Despite Boy George’s quoting from the Merriam dictionary to determine the definition of a tax, the President was adamant that the penalty is not a tax: “For us to say that you have to get health insurance is absolutely not a tax increase….You can’t just make up that language and decide that’s called a tax increase!”  And later:  “I absolutely reject that notion [that the penalty is a tax increase]”  Alas, the President’s words were lost on Chief Justice John Roberts and the Supreme Court’s four liberals.  The reality is that because the Supreme Court holds that it is a tax – which Chief Justice Roberts just did – then, legally speaking, the penalty is now a tax.

And yet, the White House continues to argue otherwise! Despite the fact that by calling the penalty a tax, Roberts was able to justify the individual mandate (and with it the perception that the Court is a neutral umpire), White House officials yesterday insisted that the penalty is in fact not a tax.  In this respect, they are siding with the Court’s conservative wing.  In the morning press gaggle, White House press secretary Jay Carney made it clear that the White House would try to distance itself from Roberts’ interpretation of the individual mandate penalty:

MR. CARNEY:  It’s a penalty because you have a choice.  You don’t have a choice to pay your taxes, right?  You have a choice to buy — if you can afford health insurance — and you can, I assume, Jared.  So if you don’t buy it, and you can afford it, it is an irresponsible thing to do to ask the rest of America’s  taxpayers to pay for your care when you go to the emergency room.  So your choice is to purchase health care reform or a penalty will be administered.”

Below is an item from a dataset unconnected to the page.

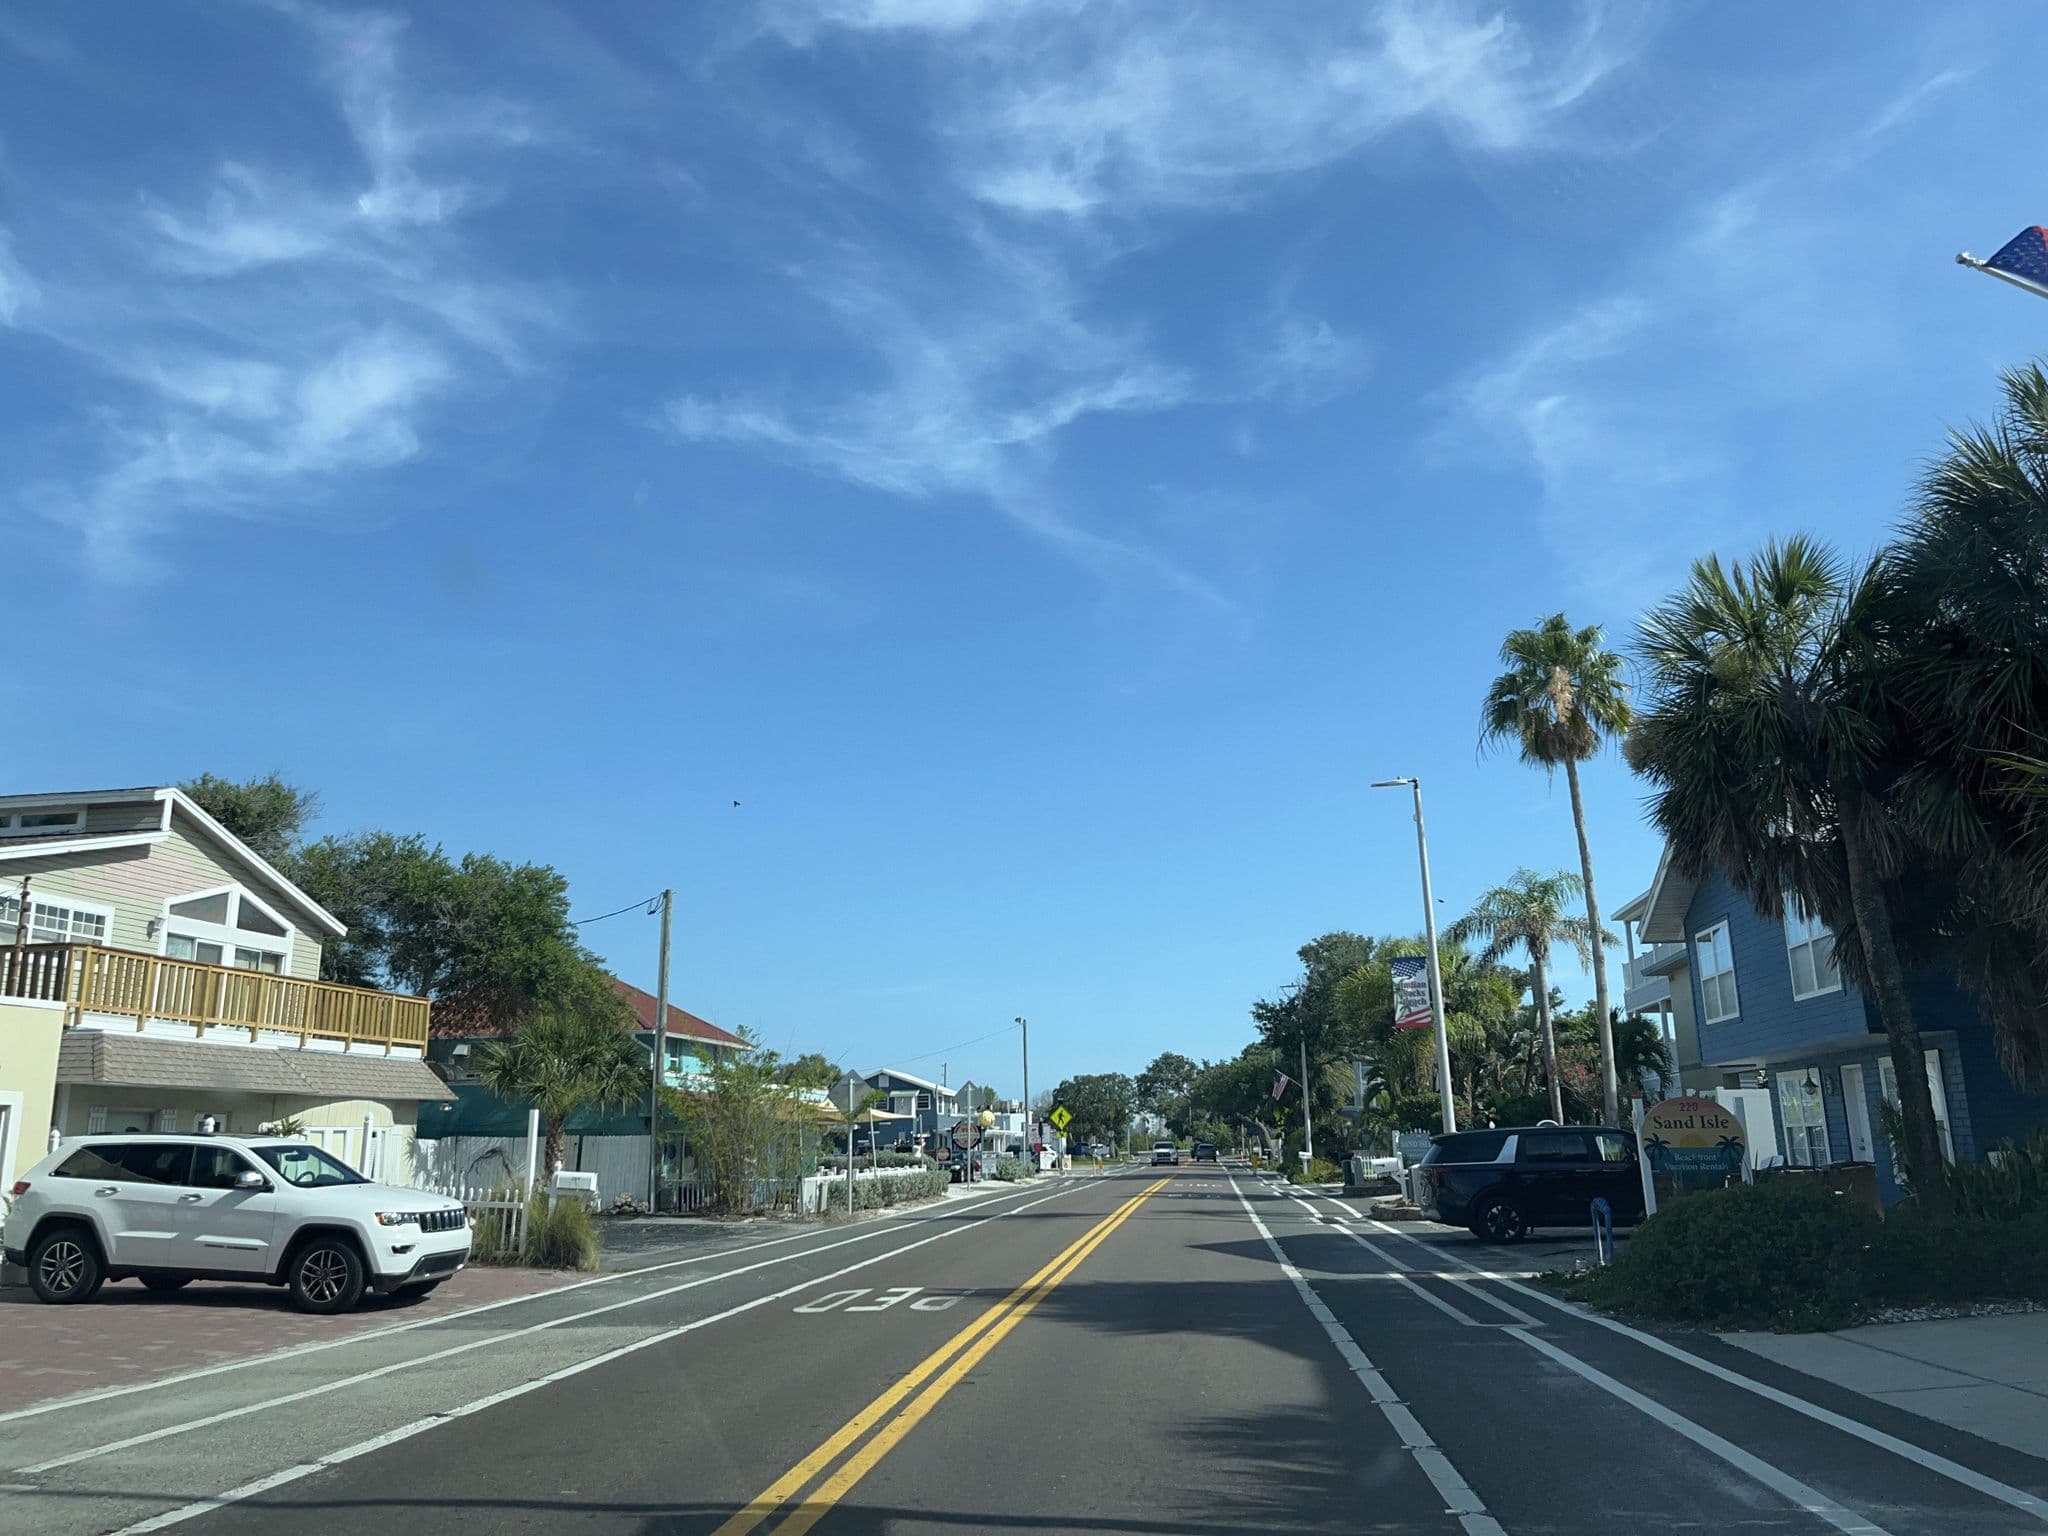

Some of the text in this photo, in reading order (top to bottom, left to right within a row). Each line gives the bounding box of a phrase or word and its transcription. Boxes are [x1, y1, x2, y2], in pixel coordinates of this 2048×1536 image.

[1679, 1102, 1699, 1112] 220
[1653, 1114, 1730, 1130] Sand Isle
[1664, 1161, 1698, 1171] Vacation
[792, 1286, 966, 1313] PED

The same argument is being made by Obama’s campaign surrogates, such as Massachusetts’  Governor Deval Patrick, who in a conference call organized by the Obama campaign on Friday  insisted that the penalty is not a tax.  Clearly the Obama campaign is worried that the Republicans  will use the Roberts Court’s ruling as a means to define the Affordable Care Act  as a tax increase. The problem for Republicans, of course, is that as governor of Massachusetts Romney signed into law a law that included a similar provision.  As this Wall Street Journal  article points out “While Republicans wanted the law struck down, they’ve used the court’s legal reasoning to argue that Mr. Obama now is responsible for a huge tax increase. But Mr. Romney approved a near-identical requirement for Massachusetts when he was governor that has since brought in millions in fees, penalties or, as Mr. Roberts would suggest, taxes. The law was signed in April 2006; Mr. Romney left office at the start of 2007, and the requirement to have insurance went into effect Dec. 31, 2007.”

Meanwhile, the public has had a decidedly mixed reaction to the Court’s decision as well. As this Gallup poll shows, there’s a clear partisan divide among Americans, with most Democrats applauding the Court’s ruling, most Republicans opposing it and independents about evenly divided.

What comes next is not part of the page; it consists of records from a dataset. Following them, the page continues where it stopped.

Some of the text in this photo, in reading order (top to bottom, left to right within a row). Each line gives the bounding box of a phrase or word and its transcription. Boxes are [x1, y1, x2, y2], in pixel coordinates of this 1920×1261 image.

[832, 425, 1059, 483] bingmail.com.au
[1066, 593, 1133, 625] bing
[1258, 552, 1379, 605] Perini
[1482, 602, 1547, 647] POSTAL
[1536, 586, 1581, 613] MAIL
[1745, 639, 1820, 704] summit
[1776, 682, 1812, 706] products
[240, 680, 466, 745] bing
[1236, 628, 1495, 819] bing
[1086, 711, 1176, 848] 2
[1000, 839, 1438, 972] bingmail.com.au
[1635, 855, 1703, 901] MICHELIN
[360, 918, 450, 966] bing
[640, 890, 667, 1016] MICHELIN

So, it appears that neither Obama nor Romney is thrilled by how the Chief Justice sought to thread the needle in a way that protected the Court’s reputation as a non-partisan political actor. Nor, for that matter, is the public.  For all these reasons, I think health care will play a minor role in this fall’s presidential election in large part because opinions regarding the health care law are already baked in, and because economic issues are of far greater concern to most voters. It may energize activists on both sides (already Romney has raised several millions dollars in the aftermath of the Court’s ruling), but it isn’t going to switch many votes.  And money is not going to be the deciding factor in this race.

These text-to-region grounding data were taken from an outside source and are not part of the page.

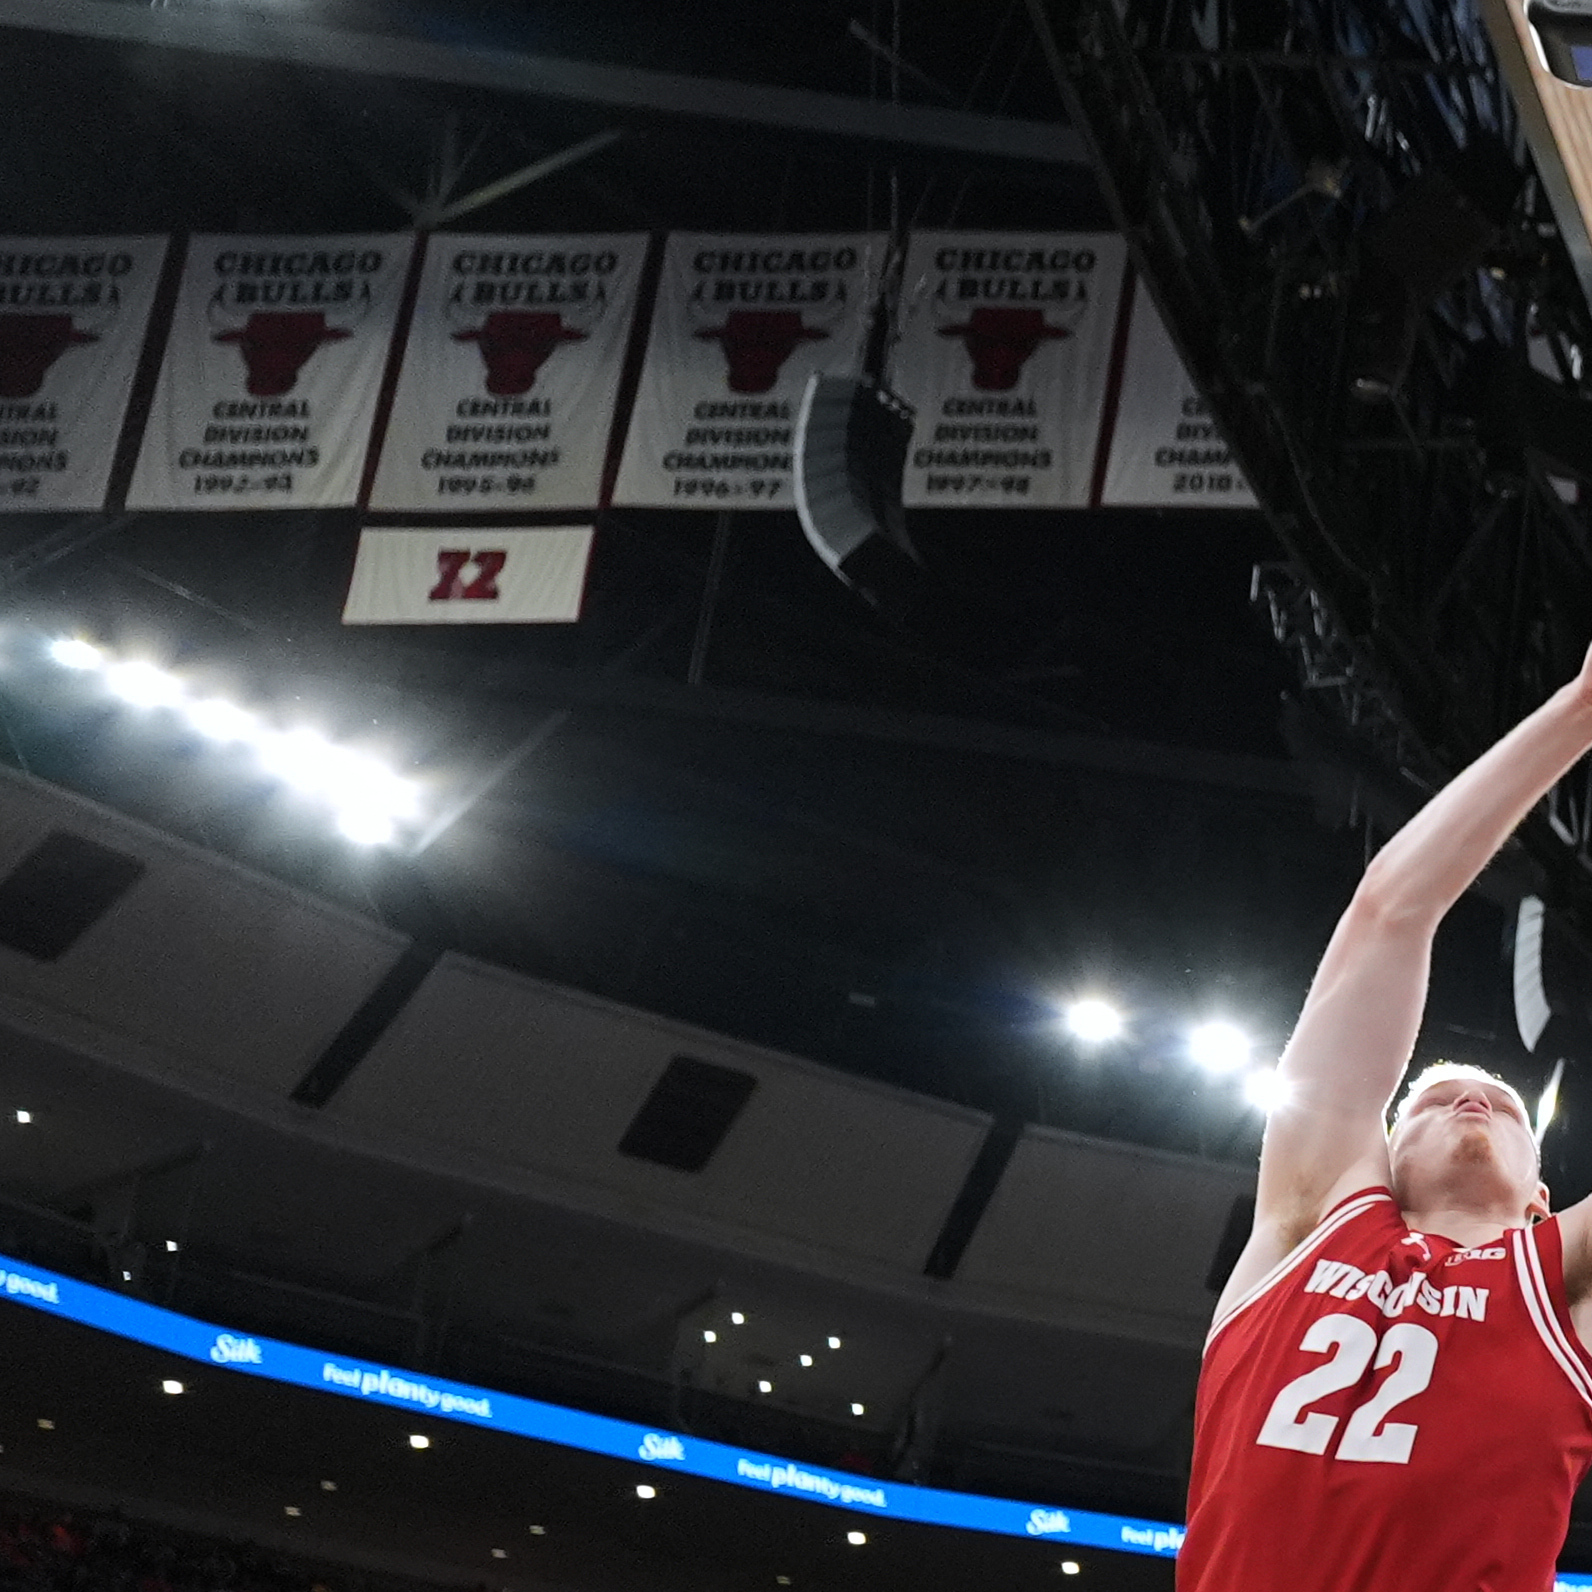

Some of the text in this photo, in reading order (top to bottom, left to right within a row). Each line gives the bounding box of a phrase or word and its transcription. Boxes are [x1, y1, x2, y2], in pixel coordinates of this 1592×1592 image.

[214, 250, 381, 276] CHICAGO
[453, 250, 617, 276] CHICAGO
[693, 249, 856, 274] CHICAGO
[935, 248, 1095, 273] CHICAGO
[1304, 1259, 1490, 1322] WISCONSIN
[210, 1332, 264, 1366] Silk
[323, 1364, 490, 1417] Feel planty good.
[1256, 1312, 1439, 1464] 22
[638, 1432, 686, 1461] Silk
[1026, 1508, 1072, 1537] Silk

The bigger impact may occur, as Louis suggests, down the road, as the Court deals with the legal fallout from Roberts’ effort to differentiate a tax from a penalty, as well as from the more restricted interpretation of the interstate commerce clause.  In the meantime, the Affordable Care Act survives thanks to Roberts rejecting the President’s claim that the penalty is really just a penalty.  Quack, quack, Mr. President!  Quack, quack!